Well, I think what it's indicative of is the fact that we care about courage so much, that it's essential to view ourselves as courageous or at least not as cowardly coward, cowardly cowardice is one of the worst insults that people can experience. And I think that people may feel indeed a certain degree of trepidation in trying to articulate what courage is. And yet it is such a familiar experience and so essential to living a good human life well,
is, is defining cowardice easier than defining courage, or is it is cowardice just the absence of courage?
That's a great question. I think that I think myself that defining cowardice is easier than defining courage. In fact, I wouldn't Make of defining courage so much as trying to articulate the the questions and ideas that make it up. In the case of cowardice, I think that a be a behavior that is motivated by fear is a good at least starting point for cowardice in a situation where a person should not feel fear, where it's irrational or somehow shameful to feel fear, to give in to those fears, to have one's perceptions or judgments colored by fear, I think that would be a good way to characterize cowardice. Courage, on the other hand, isn't necessarily motivated by a single emotion or idea or elements of practical reasoning, it's, I would say that it's highly contextually dependent. And as I say, we ask it to, to cover a lot of ground, a great deal, or a great range of topics.
The Greeks had a term that they used for these, these ideas that were character illogical, that were, that were so large and cultural, they use the idea of, of a virtue, a human excellence, we don't really have virtues in the same sense in our culture, can you talk a little bit about what the concept of a virtue gives a culture and how we can understand virtues separate from sort of our traditionally you know, there was a time in the in the 19th century when when literature you talked about a woman's virtue right from from the Latin verb to right meaning a woman's virginity, but we don't mean that anymore, either. Right. So what is the concept of virtue do because courage was one of the central virtues right?
Yes, absolutely. So I think that we have a prop something of a problem of translation or just of idiomatic usage. When we use the term virtue it does sound stodgy and Victorian, very old fashioned, it sounds like chastity. It sounds like a constraint on our behavior. And I'm not sure that we have a good way to talk about it. Now, that doesn't sound that way. As you say it is an excellence of character. That's not a very easy, that's a mouthful. That's a very difficult thing to imagine idiomatically. So what I what I would prefer, is to think of the ethical, and to name the virtues, like Courage, or justice, or generosity, or self control, and, and many others, because I think those ideas, say justice, say, prudence, or wisdom, these sorts of things, certainly do have currency in our culture. And in fact, when we think about them and look at uses of them, we see that they have very great power indeed. So that's how I would, that's how I would work with the problem of terminology that you mentioned. A virtue, as you know, in academic philosophy, there is a field of virtue ethics, and the virtues are enjoying a kind of Renaissance. But I don't think it's very easy to talk popularly about them in that way. So I think we have to explain and then to name them and identify them.

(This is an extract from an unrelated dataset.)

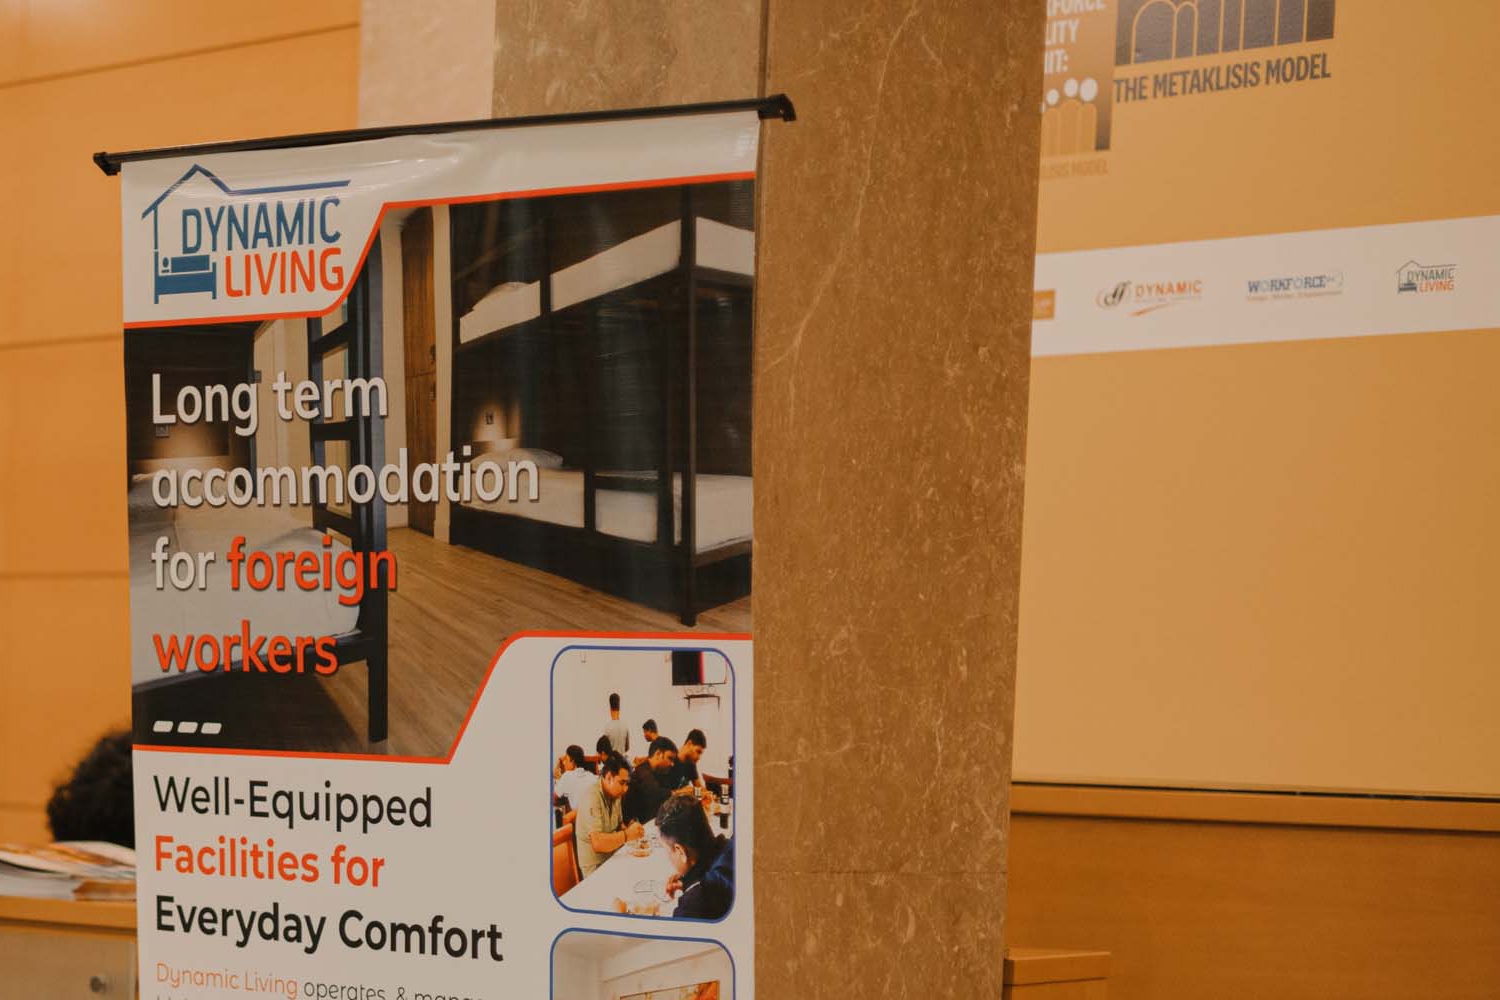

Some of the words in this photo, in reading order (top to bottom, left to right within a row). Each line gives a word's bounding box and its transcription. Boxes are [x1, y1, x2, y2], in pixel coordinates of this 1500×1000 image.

So our virtue is something that sort of a general concept that we can get from these notions of moderation and beauty and courage that we get it sort of we go in the other way, that we only generalize it from particulars, or is there a way to sort of get in the 21st century, a notion of what virtue can be in popular culture in in a general understanding?
Well, I think there is a way to get to a general understanding, but what we have to do is to rely on opinions about these things. So if you take an example, I started working on courage, right around the time of 911. And there was a heated public discussion about the courage or cowardice of the terrorists, and also about the American leadership at that time. And I think if we talk about if we make judgments or evaluations about particular situations like that, then I think our, our attitudes toward these enduring ideas become clearer all over again. So for example, Susan Sontag, the writer had made statements about the courage of the terrorists, which she said was a courage being a morally neutral idea. She abhorred what they did, of course, but that was unmistakable. that they exhibited courage. And that provoked a great deal of reaction, and, as I say, a complex and interesting public debate. So I think that I'm not sure that we will ever have agreement on what courage is or how to apply the idea in specific circumstances in a country, let's say, as large as the United States of America. But if we draw attention to the notion and think about what's involved in it, then I think we can have a better informed debate about these particular questions.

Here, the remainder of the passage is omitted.